**What the task asks**. Leave the images aside and output every entry exactly.

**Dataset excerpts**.

-- Opening Marker --

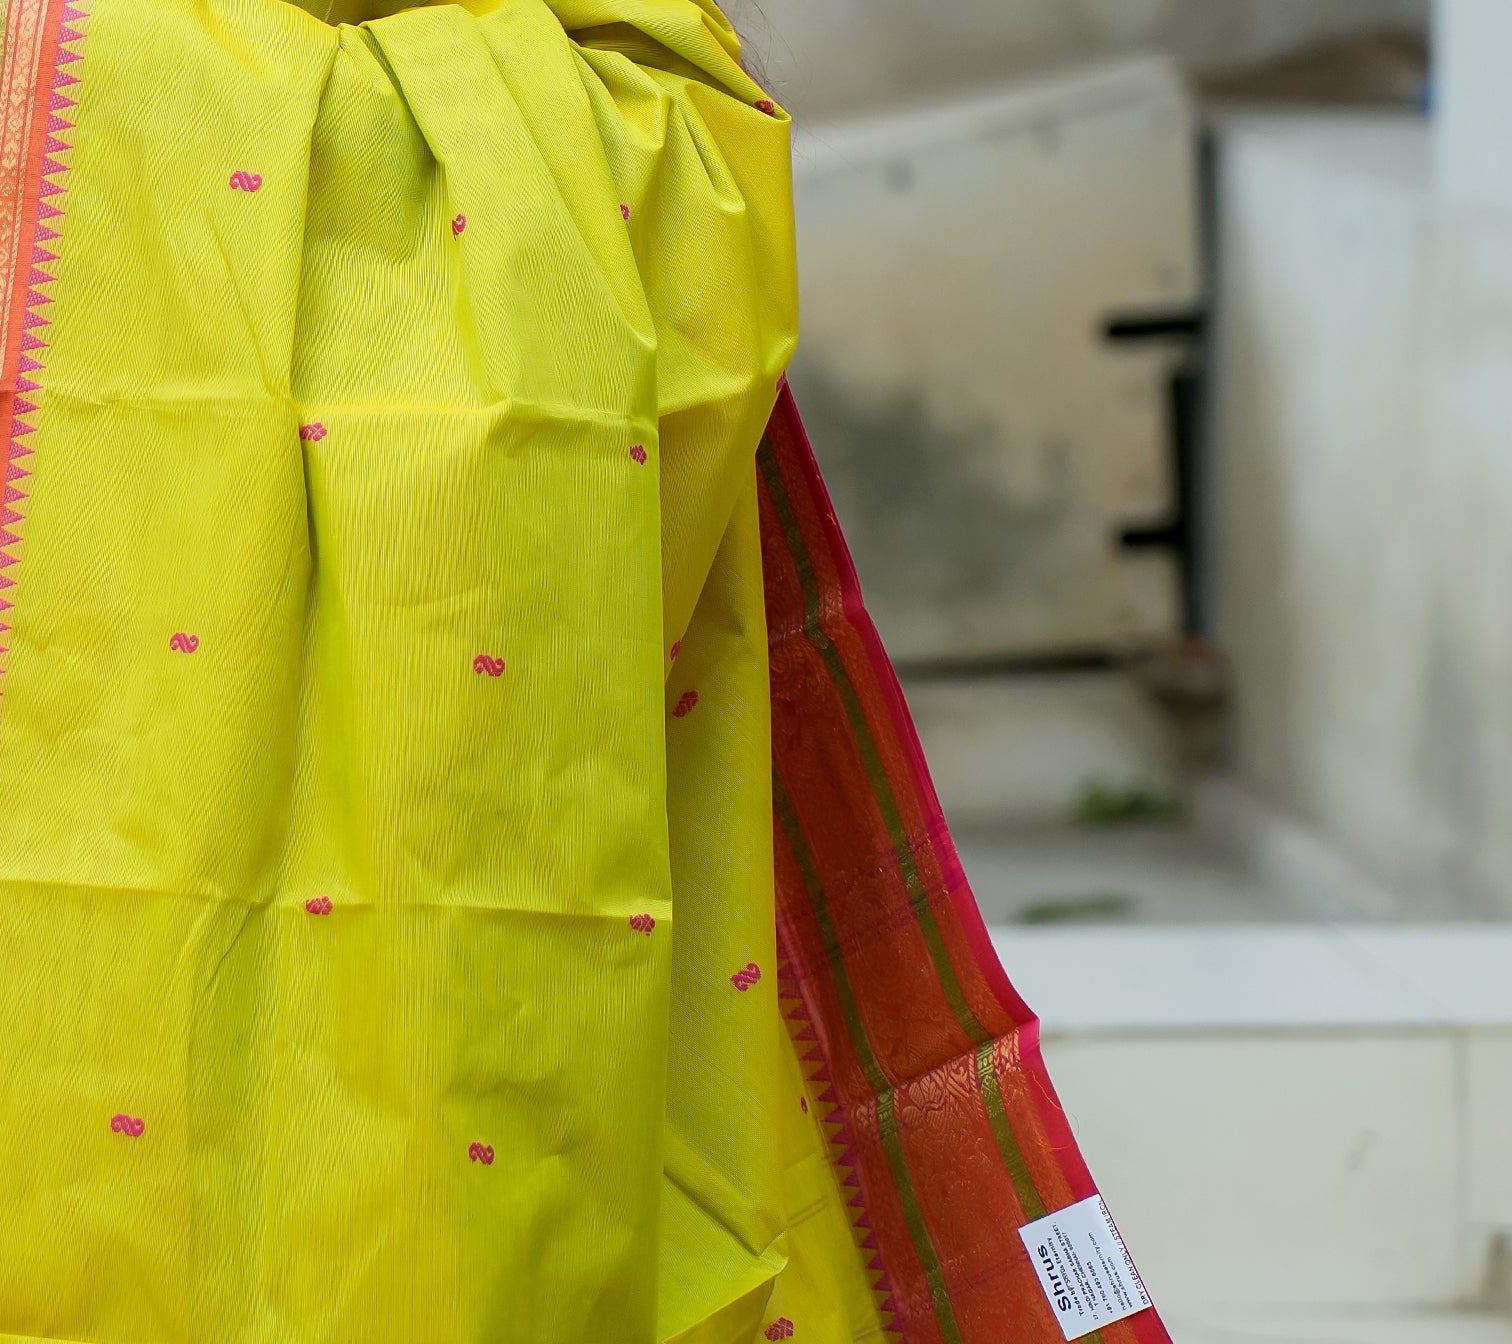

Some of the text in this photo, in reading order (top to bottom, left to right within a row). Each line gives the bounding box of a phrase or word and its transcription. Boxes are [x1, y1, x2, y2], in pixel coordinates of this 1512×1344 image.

[1105, 1217, 1119, 1241] STEAM
[1046, 1237, 1062, 1265] Eternity
[1062, 1247, 1075, 1267] SABHA
[1118, 1247, 1131, 1266] ONLY
[1037, 1244, 1072, 1312] Shrus
[1072, 1267, 1088, 1296] PRACHAR
[1107, 1256, 1133, 1309] www.shrus.com
[1127, 1265, 1142, 1290] CLEAN
[1073, 1296, 1085, 1317] Trade
[1137, 1290, 1150, 1306] DRY
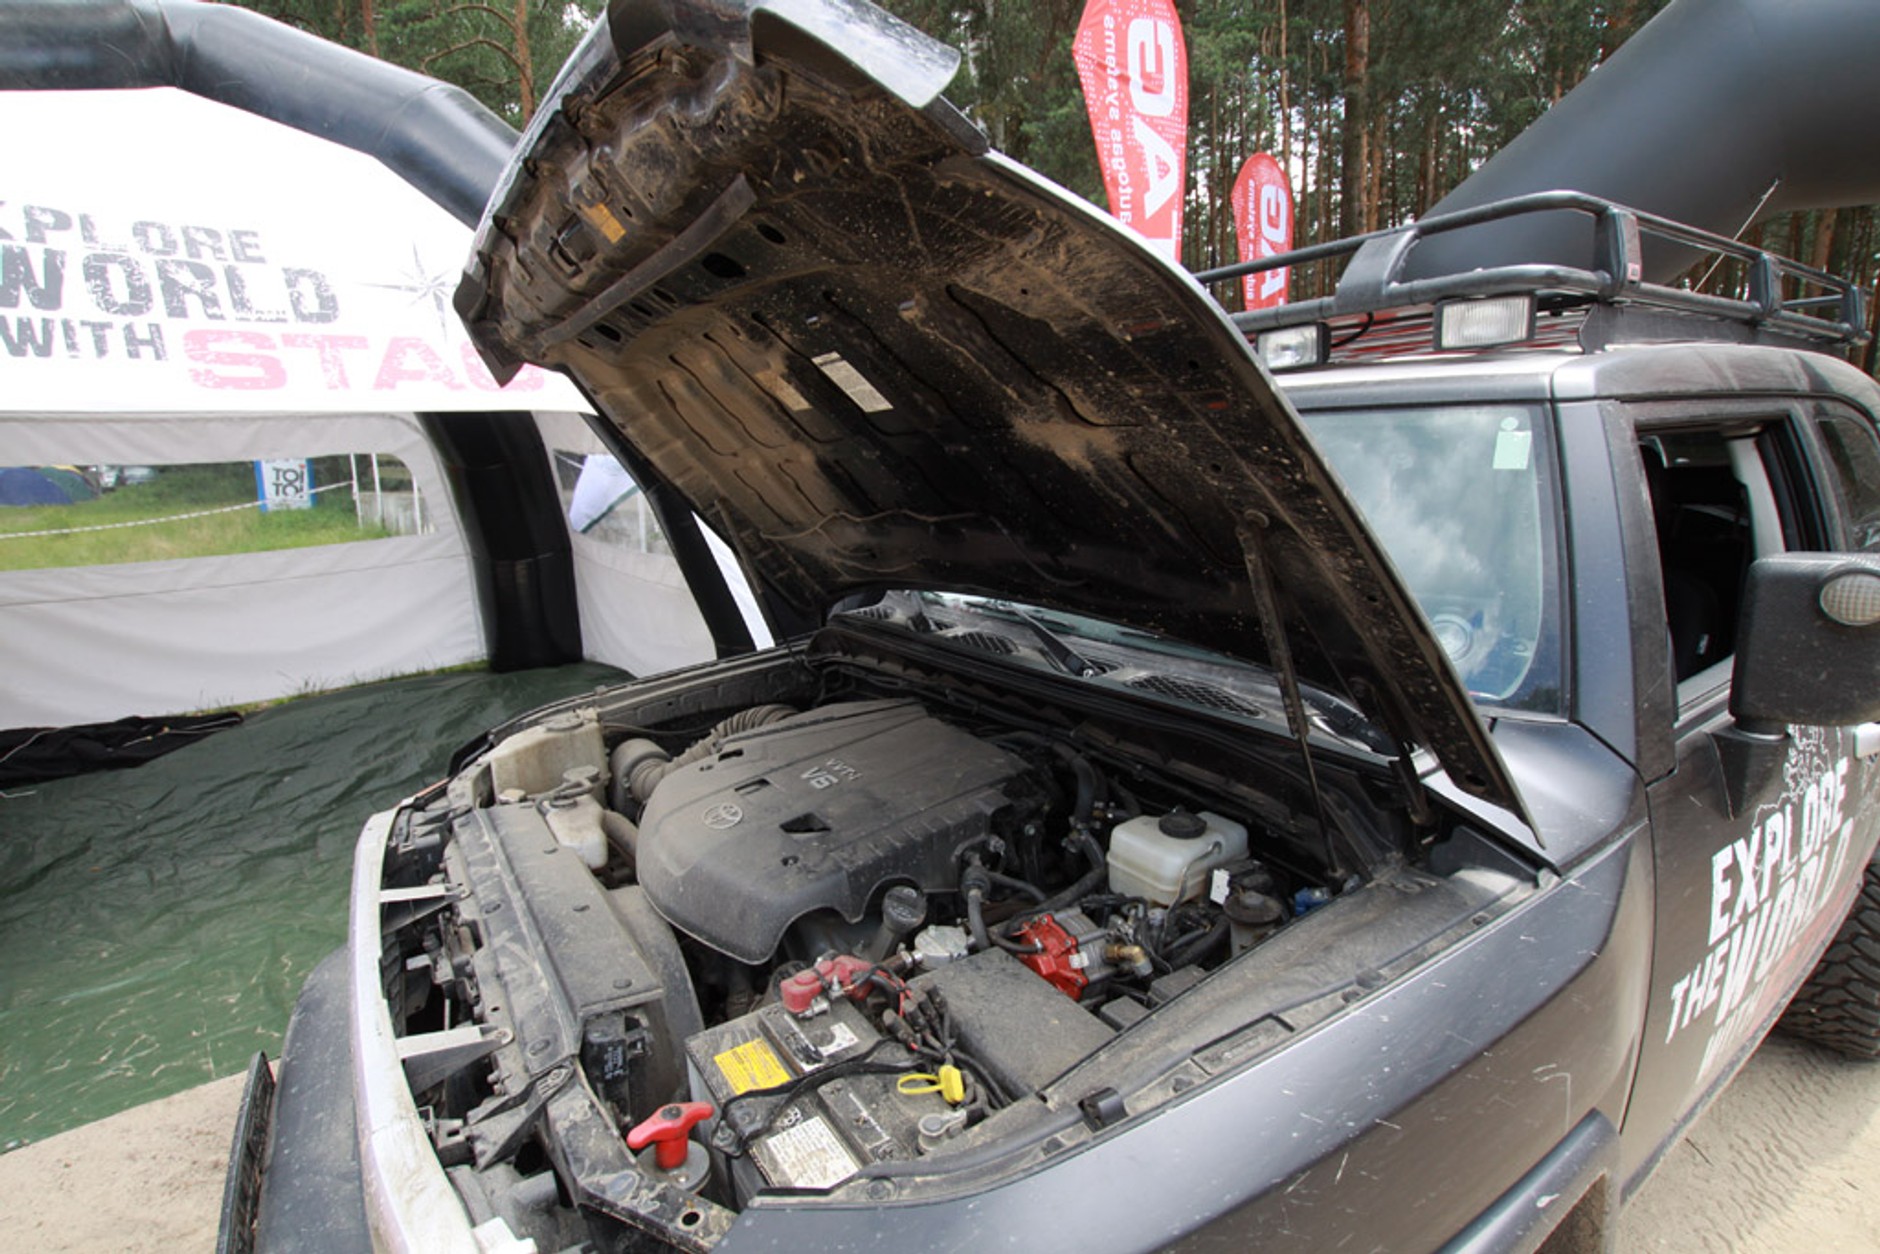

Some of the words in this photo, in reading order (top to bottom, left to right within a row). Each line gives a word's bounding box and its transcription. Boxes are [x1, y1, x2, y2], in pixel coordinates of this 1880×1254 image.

-- Closing Marker --

**Task answer**.
Some of the text in this photo, in reading order (top to bottom, left to right within a row). Each line gives the bounding box of a phrase or word and its transcription. Boxes are [x1, y1, x2, y2], in pixel coordinates of this 1512×1344 image.

[1105, 1217, 1119, 1241] STEAM
[1046, 1237, 1062, 1265] Eternity
[1062, 1247, 1075, 1267] SABHA
[1118, 1247, 1131, 1266] ONLY
[1037, 1244, 1072, 1312] Shrus
[1072, 1267, 1088, 1296] PRACHAR
[1107, 1256, 1133, 1309] www.shrus.com
[1127, 1265, 1142, 1290] CLEAN
[1073, 1296, 1085, 1317] Trade
[1137, 1290, 1150, 1306] DRY

Some of the words in this photo, in reading order (top to bottom, left to right within a row). Each line gives a word's bounding box and its transcription. Boxes are [x1, y1, x2, y2], in pixel coordinates of this 1880×1254 image.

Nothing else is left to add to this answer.